On 29.03.2012 23:19, Peter Dunkley wrote:
Hi,
RFC 3856 section 6.10 states: "A PA SHOULD NOT generate notifications for
a single presentity at a rate of more than once every five seconds."
I wonder if this is useful. E.g. a user tries to call somebody, but the
target is busy. Thus, the call will last maybe 3 seconds having the
dialog states: trying, proceeding, early, terminated.
How is it supposed to work? It just sends trying, but no the others? Or
will they be queued, so only trying, and 5 seconds later, terminated is
sent?
I would like to add this to the presence module (making the rate
configurable).
I have an idea as to how I would like to do it:
- Add a last notified time-stamp field to each presentity
- Add a updated since last notified flag field to each presentity
- Add a notify required flag field to each active_watcher
- When a presentity is updated the last notified time-stamp is checked.
If the time is far enough in the past the notifies are sent and the
time-stamp is updated. If enough time has not passed the updated since
flag is set for the presentity and the notify required flag is set for all
active_watchers of that presentity.
- When a presentity is subscribed to (this includes re-subscribes) the
last notified time-stamp is checked. If the time is far enough in the
past the (single) notify is sent and the time-stamp is updated. If enough
time has not passed the updated since flag is set for the presentity and
the notify required flag is set for this active_watcher record.
RFC3265 states that a NOTIFY MUST sent immediately after every SUBSCRIBE.
- A timer (the minimum time between subscribes -
default 5 seconds) is
run. On expiry a query is done on the presentity table for presentities
that have been updated _AND_ the last notified time is more than the
minimum time ago. For each of these presentities, a query is done on the
active_watchers for watchers of that presentity that have the notify
required flag set. Notifies containing the presentities are then sent to
the watchers waiting on them.
This should ensure that no presentity notifies more than it should, while
ensuring that all changes are (eventually) sent out, and all subscribes
result in a notify (eventually) being sent. Eventually being typically
within 5 seconds and in under 10 seconds in the worst case (assuming the
default setting of 5 seconds).
Can anyone see any problems with this?
I wonder why you delay NOTIFYs for (re)SUBSCRIBEs? On (re)SUBSCRIBEs
just NOTIFY with last published state and do not set the "notify
required" flag.

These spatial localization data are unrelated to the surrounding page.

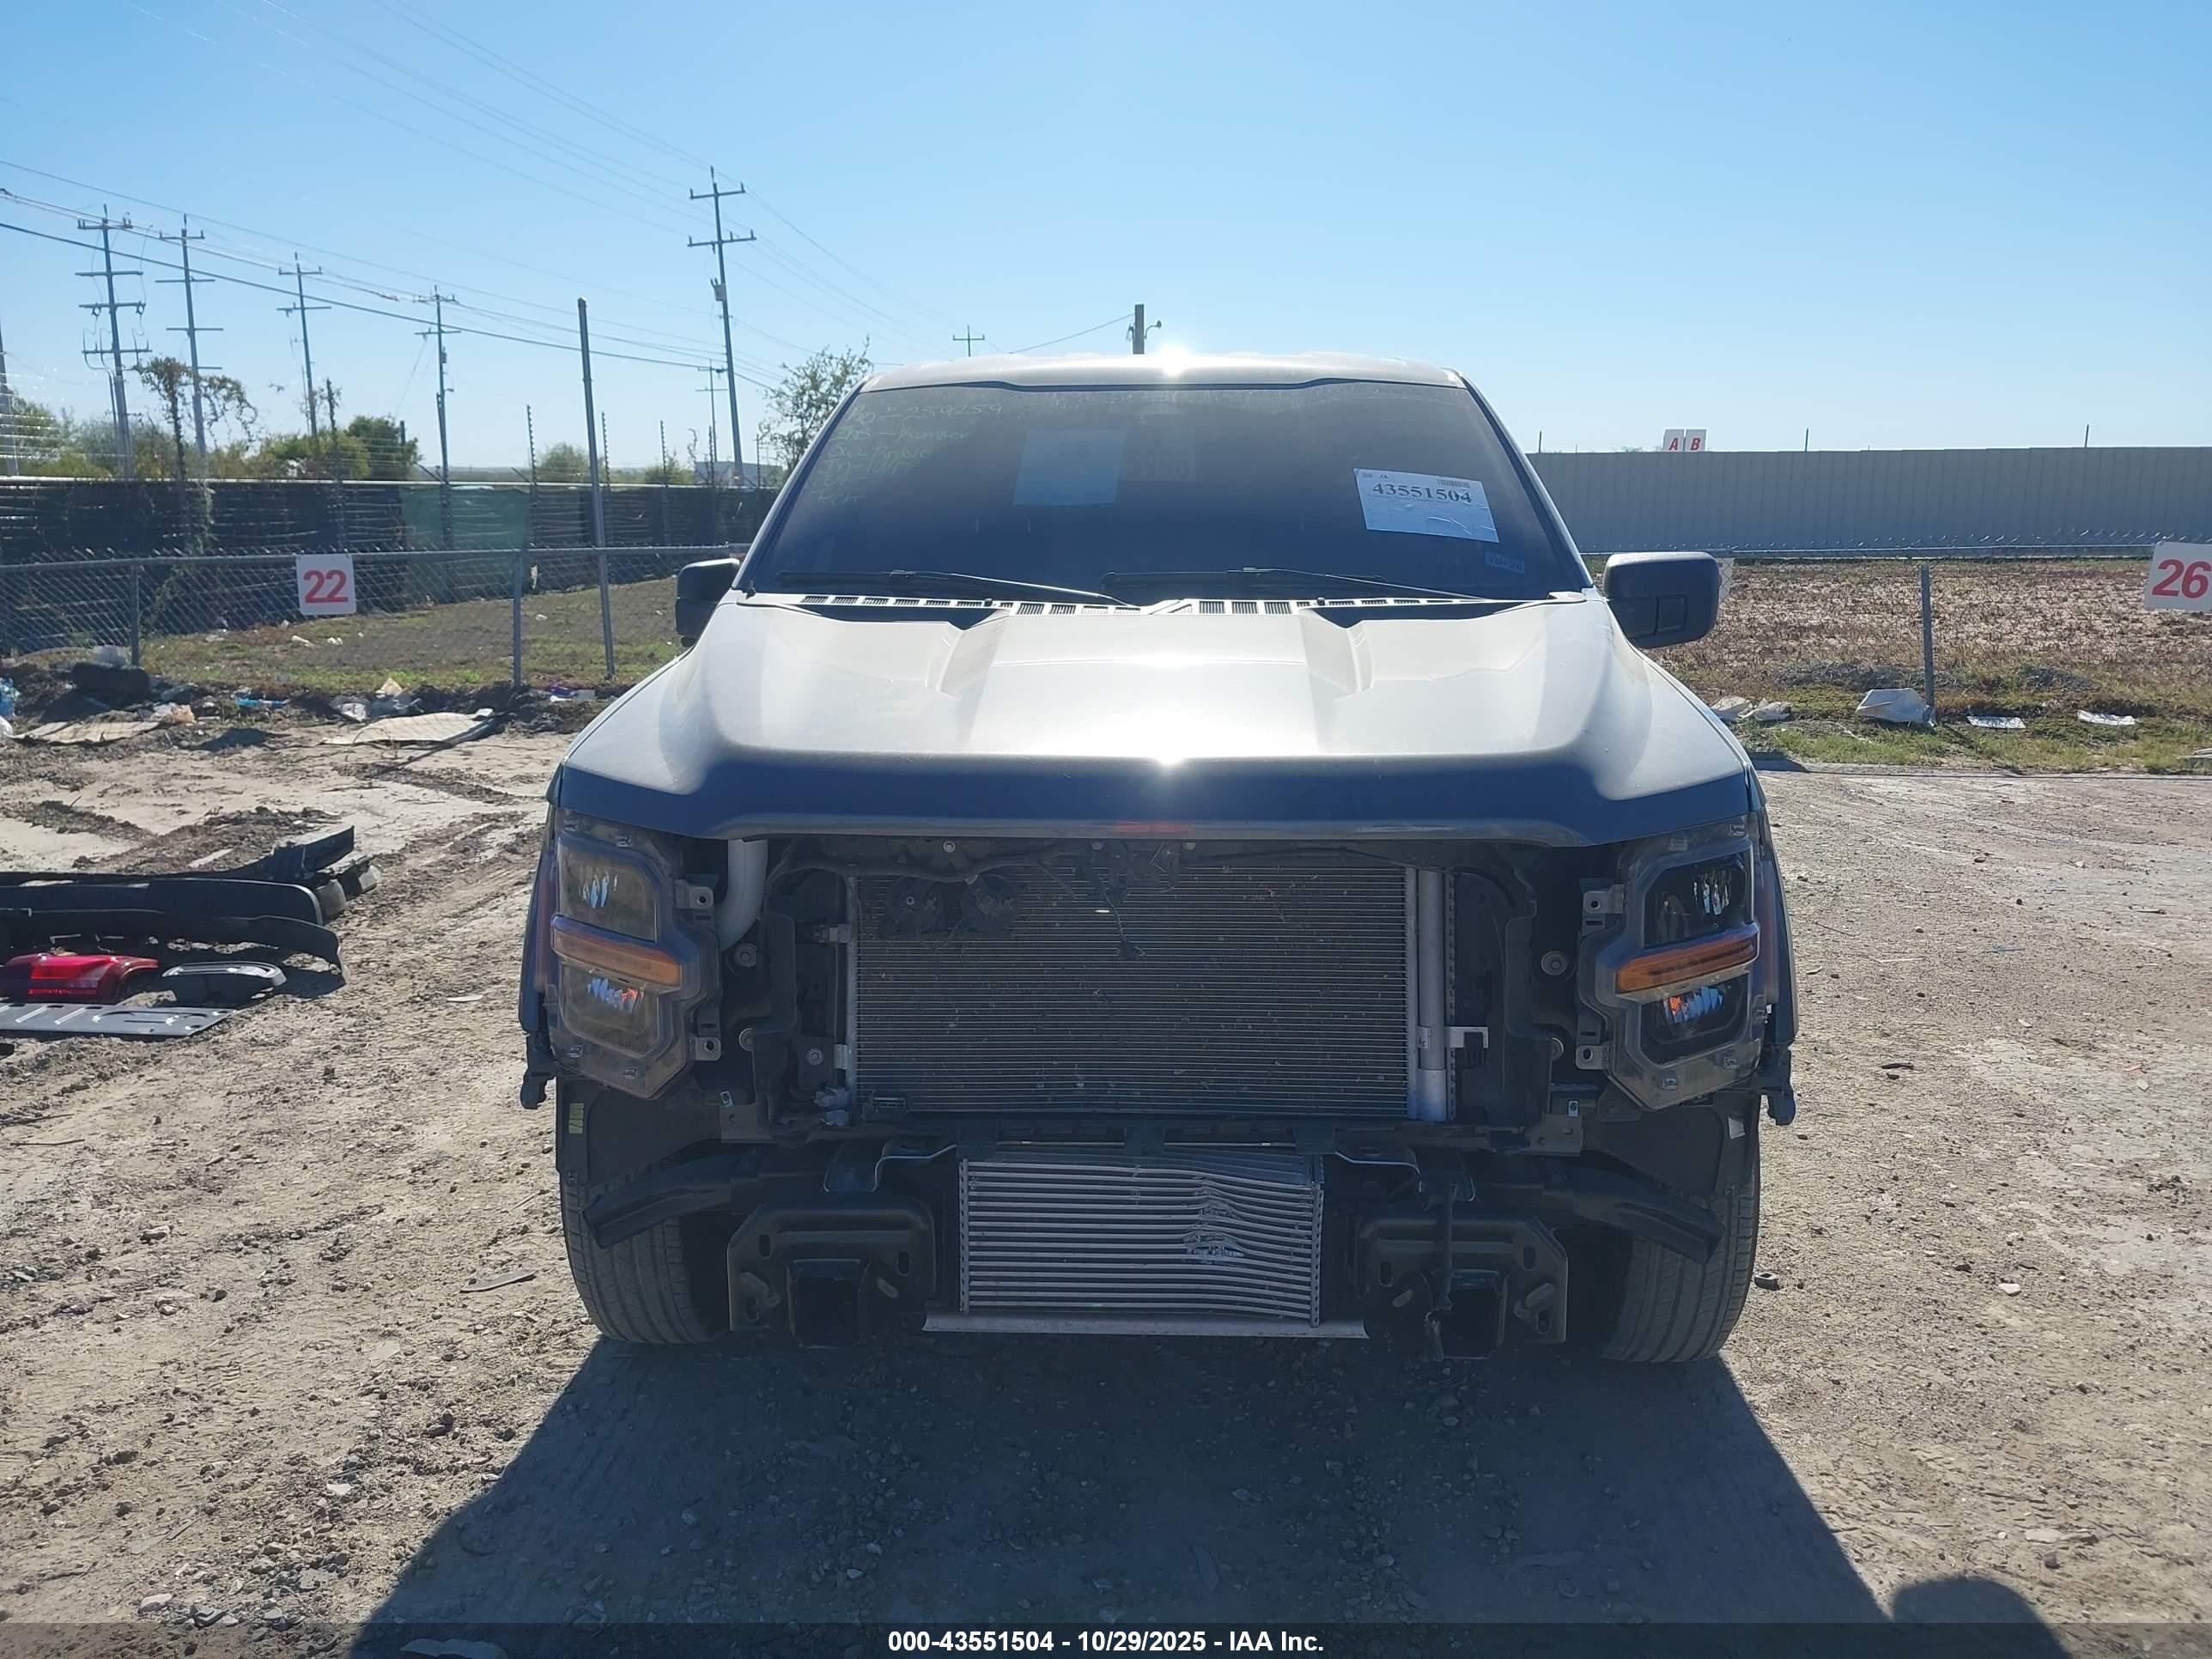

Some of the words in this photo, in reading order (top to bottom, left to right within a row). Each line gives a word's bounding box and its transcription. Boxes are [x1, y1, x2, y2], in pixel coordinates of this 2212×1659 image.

[1668, 437, 1679, 450] A
[1690, 437, 1701, 450] B
[1372, 483, 1473, 503] 43551504
[303, 569, 349, 604] 22
[2152, 559, 2212, 599] 26
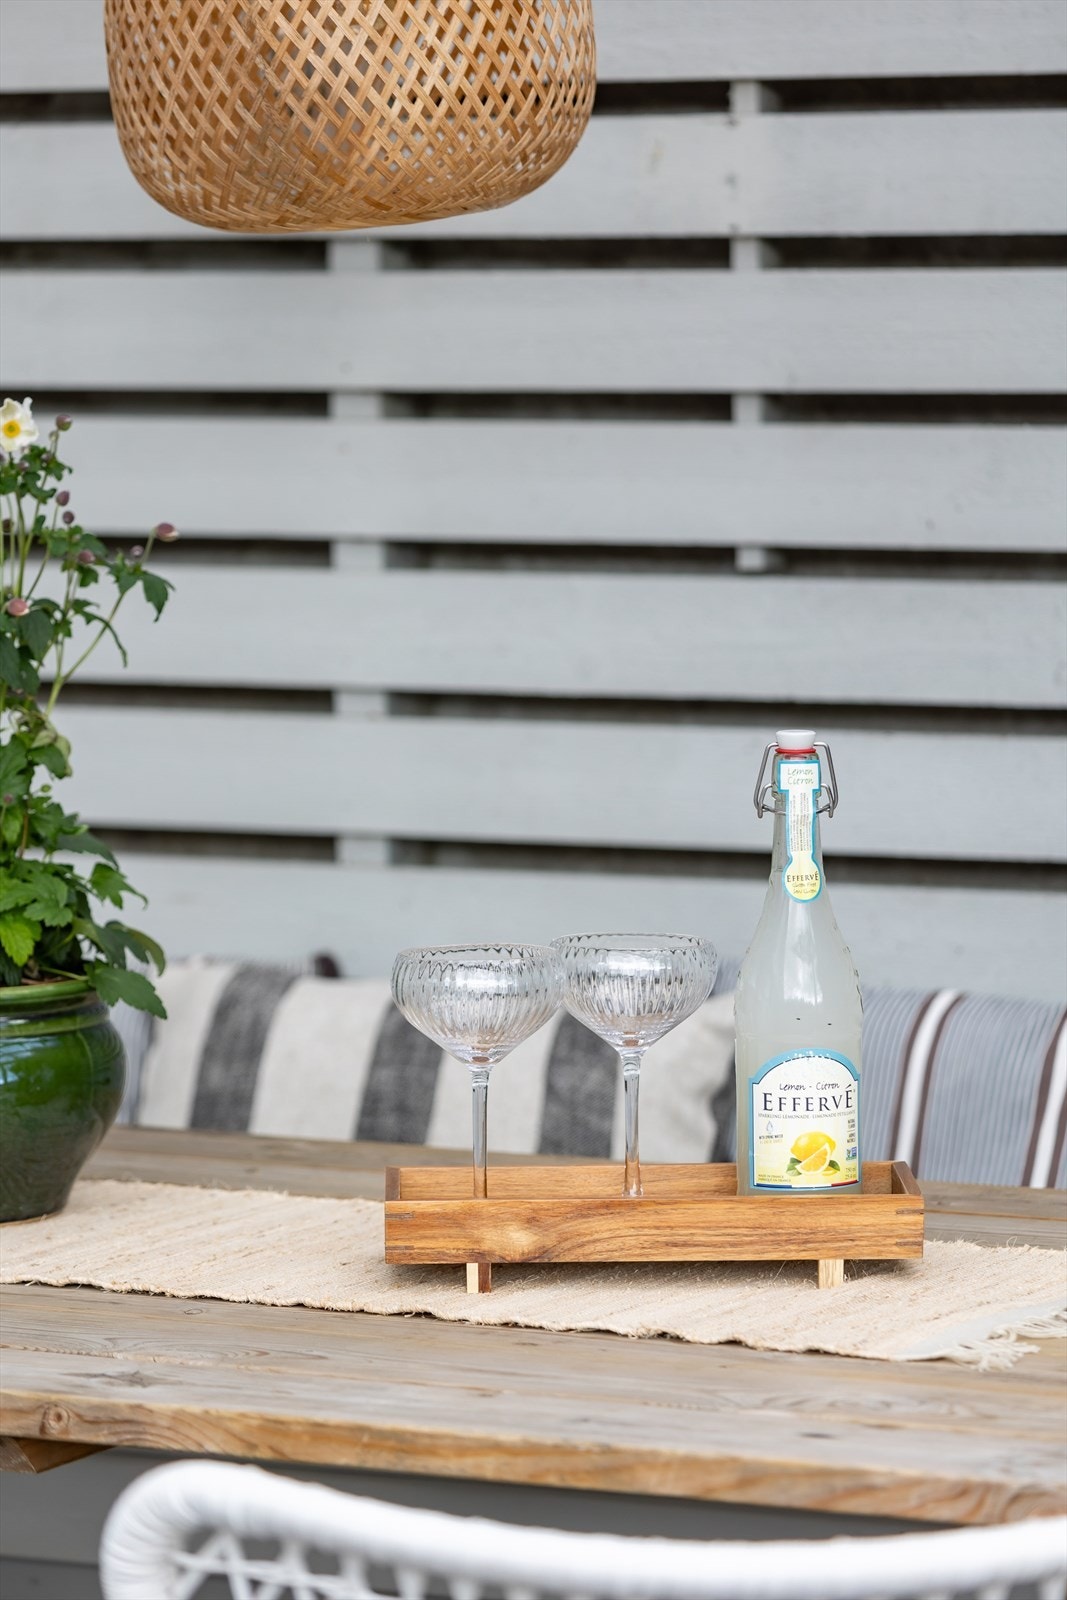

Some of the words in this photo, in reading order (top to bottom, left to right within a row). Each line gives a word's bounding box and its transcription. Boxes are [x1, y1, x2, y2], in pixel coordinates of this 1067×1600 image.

[787, 767, 814, 775] Lemon
[787, 776, 815, 785] Citron
[786, 870, 818, 882] EFFERVÉ
[779, 1082, 806, 1091] Lemon
[816, 1081, 840, 1090] Citron
[763, 1084, 853, 1112] EFFERVÉ
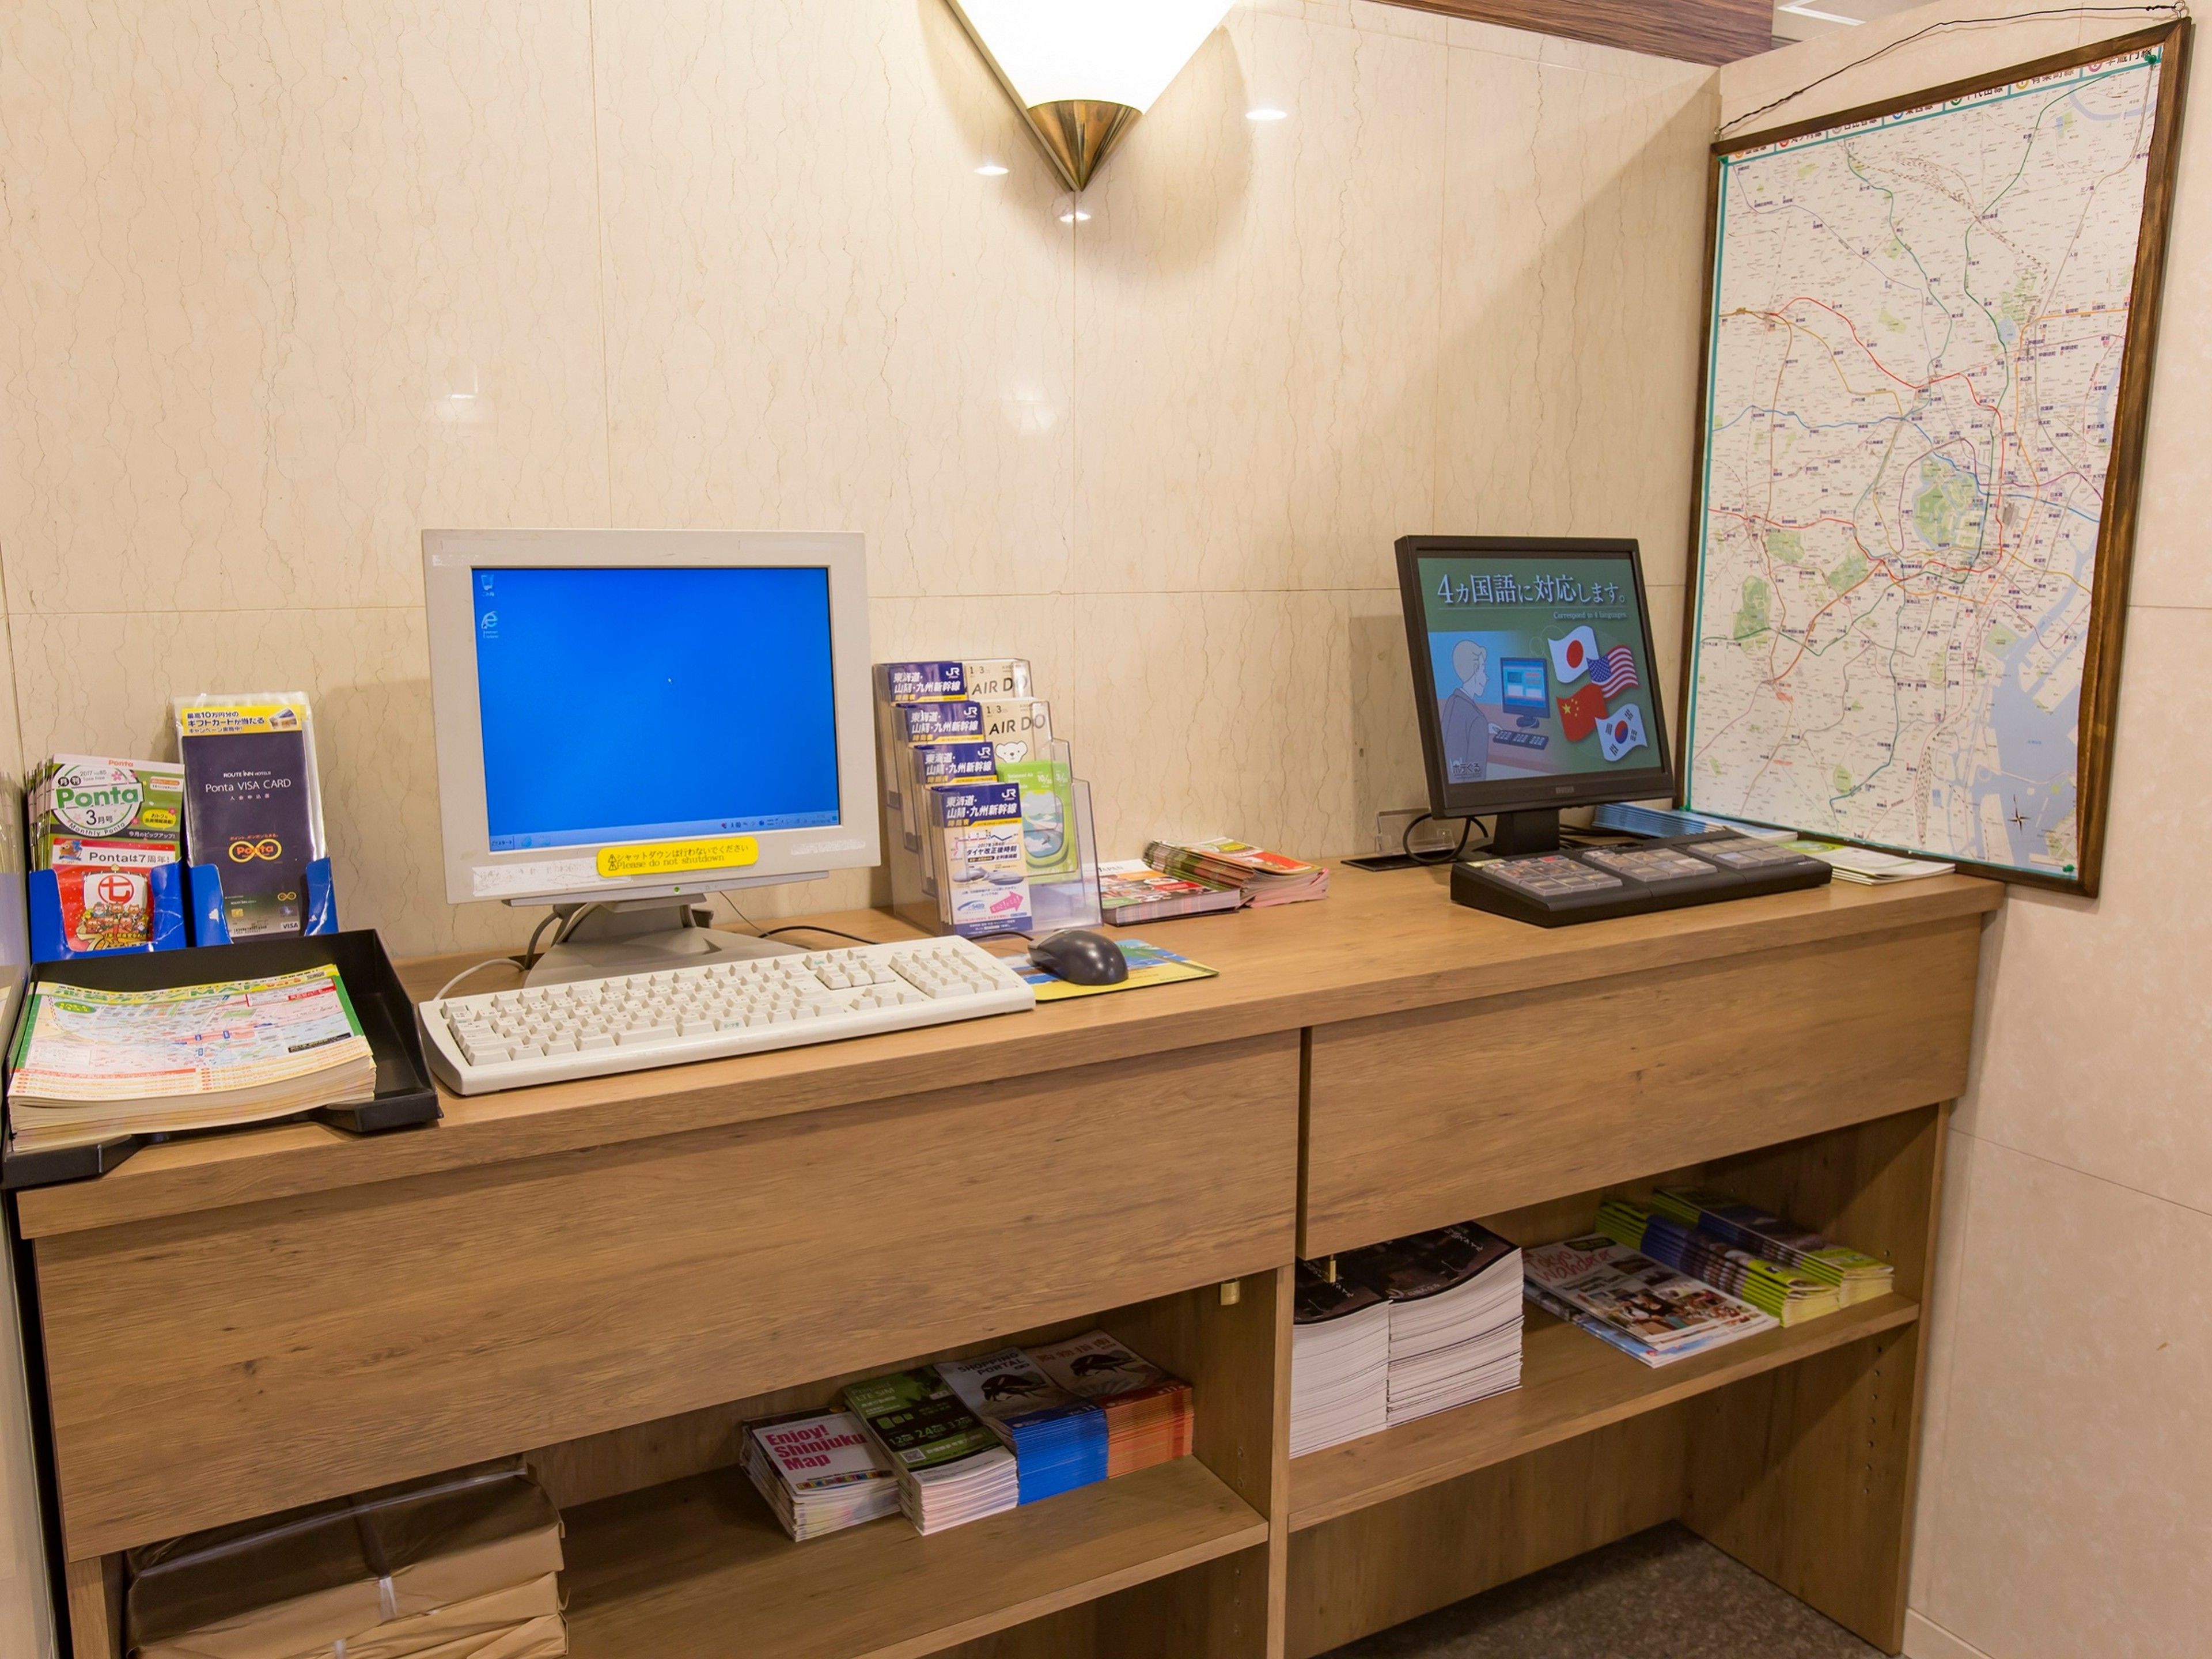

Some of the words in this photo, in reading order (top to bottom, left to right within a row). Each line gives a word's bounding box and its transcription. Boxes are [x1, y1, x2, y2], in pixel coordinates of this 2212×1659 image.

Then it may happen that the minimum NOTIFY interval is
not maintained the first few seconds after a (re)SUBSCRIBE but IMO this
is not that bad and enables immediate notification after every
(re)SUBSCRIBE.
Are there any objections to me implementing this?
Make it configurable :-) E.g. setting "minimum_notification_delay" to 0
disables the feature.
It may also increase DB load and cause more race-conditions (to be
resolved with DB-transactions) due to more DB lookups.
E.g. what if the timer finds a presentity for which NOTIFYs needs to be
sent and - while iterating over all the presentities - a new PUBLISH is
received which triggers immediate NOTIFY. It may happen that both
processes manipulate the active watchers table at the same time (notify
required flag).
In theory running a (5 second) timer could make
presence "lumpy" in the
same way RLS is (see my previous email). However, if this proves to be
the case I believe the same mechanism I have proposed for RLS can be used
here.
Why run the timer only every 5 seconds? Run it every second (or 100ms)
then it should not be lumpy anymore.